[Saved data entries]
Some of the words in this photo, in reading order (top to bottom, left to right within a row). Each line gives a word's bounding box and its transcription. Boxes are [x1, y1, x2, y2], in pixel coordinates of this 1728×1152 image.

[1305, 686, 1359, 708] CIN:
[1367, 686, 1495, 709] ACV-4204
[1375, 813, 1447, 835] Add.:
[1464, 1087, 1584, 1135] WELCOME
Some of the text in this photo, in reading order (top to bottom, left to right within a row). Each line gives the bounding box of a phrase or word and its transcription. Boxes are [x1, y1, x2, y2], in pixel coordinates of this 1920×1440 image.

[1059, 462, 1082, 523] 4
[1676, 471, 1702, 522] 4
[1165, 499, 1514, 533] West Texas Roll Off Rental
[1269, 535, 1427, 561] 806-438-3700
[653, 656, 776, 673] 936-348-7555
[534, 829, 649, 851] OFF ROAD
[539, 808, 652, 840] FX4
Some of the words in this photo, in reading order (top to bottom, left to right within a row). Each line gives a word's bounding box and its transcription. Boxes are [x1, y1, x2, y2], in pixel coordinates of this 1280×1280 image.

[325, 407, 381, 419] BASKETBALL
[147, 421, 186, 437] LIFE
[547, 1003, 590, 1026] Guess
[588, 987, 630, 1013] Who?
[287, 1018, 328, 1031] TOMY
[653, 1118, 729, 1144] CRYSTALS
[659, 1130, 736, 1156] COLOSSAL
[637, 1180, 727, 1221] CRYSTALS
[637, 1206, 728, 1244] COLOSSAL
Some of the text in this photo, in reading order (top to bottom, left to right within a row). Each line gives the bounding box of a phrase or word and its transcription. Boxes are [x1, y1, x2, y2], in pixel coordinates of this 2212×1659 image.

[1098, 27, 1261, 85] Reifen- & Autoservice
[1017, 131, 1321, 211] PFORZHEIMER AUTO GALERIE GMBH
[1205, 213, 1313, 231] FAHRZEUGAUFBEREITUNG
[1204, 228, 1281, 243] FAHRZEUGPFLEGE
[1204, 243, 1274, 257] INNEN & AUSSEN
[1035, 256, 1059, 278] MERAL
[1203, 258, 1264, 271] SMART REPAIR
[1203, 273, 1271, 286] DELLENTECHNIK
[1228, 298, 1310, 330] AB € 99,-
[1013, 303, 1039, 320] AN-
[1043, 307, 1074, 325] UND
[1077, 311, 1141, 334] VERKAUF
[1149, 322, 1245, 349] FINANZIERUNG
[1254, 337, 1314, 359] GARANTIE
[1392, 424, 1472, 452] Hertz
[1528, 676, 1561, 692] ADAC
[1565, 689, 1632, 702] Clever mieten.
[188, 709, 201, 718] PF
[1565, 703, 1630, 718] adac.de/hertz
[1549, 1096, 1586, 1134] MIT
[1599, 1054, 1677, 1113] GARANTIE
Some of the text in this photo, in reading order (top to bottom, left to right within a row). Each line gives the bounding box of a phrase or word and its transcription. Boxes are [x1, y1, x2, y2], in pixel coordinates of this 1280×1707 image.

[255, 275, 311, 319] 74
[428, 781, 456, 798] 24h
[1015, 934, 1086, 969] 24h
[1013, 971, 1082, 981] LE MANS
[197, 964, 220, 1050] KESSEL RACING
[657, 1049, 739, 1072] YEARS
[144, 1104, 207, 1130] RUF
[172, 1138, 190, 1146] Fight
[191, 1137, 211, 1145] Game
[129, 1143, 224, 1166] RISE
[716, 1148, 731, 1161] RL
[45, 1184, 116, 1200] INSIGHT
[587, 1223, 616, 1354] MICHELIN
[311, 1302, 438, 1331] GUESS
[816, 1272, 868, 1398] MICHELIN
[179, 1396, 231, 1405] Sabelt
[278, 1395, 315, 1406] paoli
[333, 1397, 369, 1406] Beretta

■ To do
Nothing should be dropped. Retype each line above as it is.

■ Solution to the problem
Some of the words in this photo, in reading order (top to bottom, left to right within a row). Each line gives a word's bounding box and its transcription. Boxes are [x1, y1, x2, y2], in pixel coordinates of this 1728×1152 image.

[1305, 686, 1359, 708] CIN:
[1367, 686, 1495, 709] ACV-4204
[1375, 813, 1447, 835] Add.:
[1464, 1087, 1584, 1135] WELCOME
Some of the text in this photo, in reading order (top to bottom, left to right within a row). Each line gives the bounding box of a phrase or word and its transcription. Boxes are [x1, y1, x2, y2], in pixel coordinates of this 1920×1440 image.

[1059, 462, 1082, 523] 4
[1676, 471, 1702, 522] 4
[1165, 499, 1514, 533] West Texas Roll Off Rental
[1269, 535, 1427, 561] 806-438-3700
[653, 656, 776, 673] 936-348-7555
[534, 829, 649, 851] OFF ROAD
[539, 808, 652, 840] FX4
Some of the words in this photo, in reading order (top to bottom, left to right within a row). Each line gives a word's bounding box and its transcription. Boxes are [x1, y1, x2, y2], in pixel coordinates of this 1280×1280 image.

[325, 407, 381, 419] BASKETBALL
[147, 421, 186, 437] LIFE
[547, 1003, 590, 1026] Guess
[588, 987, 630, 1013] Who?
[287, 1018, 328, 1031] TOMY
[653, 1118, 729, 1144] CRYSTALS
[659, 1130, 736, 1156] COLOSSAL
[637, 1180, 727, 1221] CRYSTALS
[637, 1206, 728, 1244] COLOSSAL
Some of the text in this photo, in reading order (top to bottom, left to right within a row). Each line gives the bounding box of a phrase or word and its transcription. Boxes are [x1, y1, x2, y2], in pixel coordinates of this 2212×1659 image.

[1098, 27, 1261, 85] Reifen- & Autoservice
[1017, 131, 1321, 211] PFORZHEIMER AUTO GALERIE GMBH
[1205, 213, 1313, 231] FAHRZEUGAUFBEREITUNG
[1204, 228, 1281, 243] FAHRZEUGPFLEGE
[1204, 243, 1274, 257] INNEN & AUSSEN
[1035, 256, 1059, 278] MERAL
[1203, 258, 1264, 271] SMART REPAIR
[1203, 273, 1271, 286] DELLENTECHNIK
[1228, 298, 1310, 330] AB € 99,-
[1013, 303, 1039, 320] AN-
[1043, 307, 1074, 325] UND
[1077, 311, 1141, 334] VERKAUF
[1149, 322, 1245, 349] FINANZIERUNG
[1254, 337, 1314, 359] GARANTIE
[1392, 424, 1472, 452] Hertz
[1528, 676, 1561, 692] ADAC
[1565, 689, 1632, 702] Clever mieten.
[188, 709, 201, 718] PF
[1565, 703, 1630, 718] adac.de/hertz
[1549, 1096, 1586, 1134] MIT
[1599, 1054, 1677, 1113] GARANTIE
Some of the text in this photo, in reading order (top to bottom, left to right within a row). Each line gives the bounding box of a phrase or word and its transcription. Boxes are [x1, y1, x2, y2], in pixel coordinates of this 1280×1707 image.

[255, 275, 311, 319] 74
[428, 781, 456, 798] 24h
[1015, 934, 1086, 969] 24h
[1013, 971, 1082, 981] LE MANS
[197, 964, 220, 1050] KESSEL RACING
[657, 1049, 739, 1072] YEARS
[144, 1104, 207, 1130] RUF
[172, 1138, 190, 1146] Fight
[191, 1137, 211, 1145] Game
[129, 1143, 224, 1166] RISE
[716, 1148, 731, 1161] RL
[45, 1184, 116, 1200] INSIGHT
[587, 1223, 616, 1354] MICHELIN
[311, 1302, 438, 1331] GUESS
[816, 1272, 868, 1398] MICHELIN
[179, 1396, 231, 1405] Sabelt
[278, 1395, 315, 1406] paoli
[333, 1397, 369, 1406] Beretta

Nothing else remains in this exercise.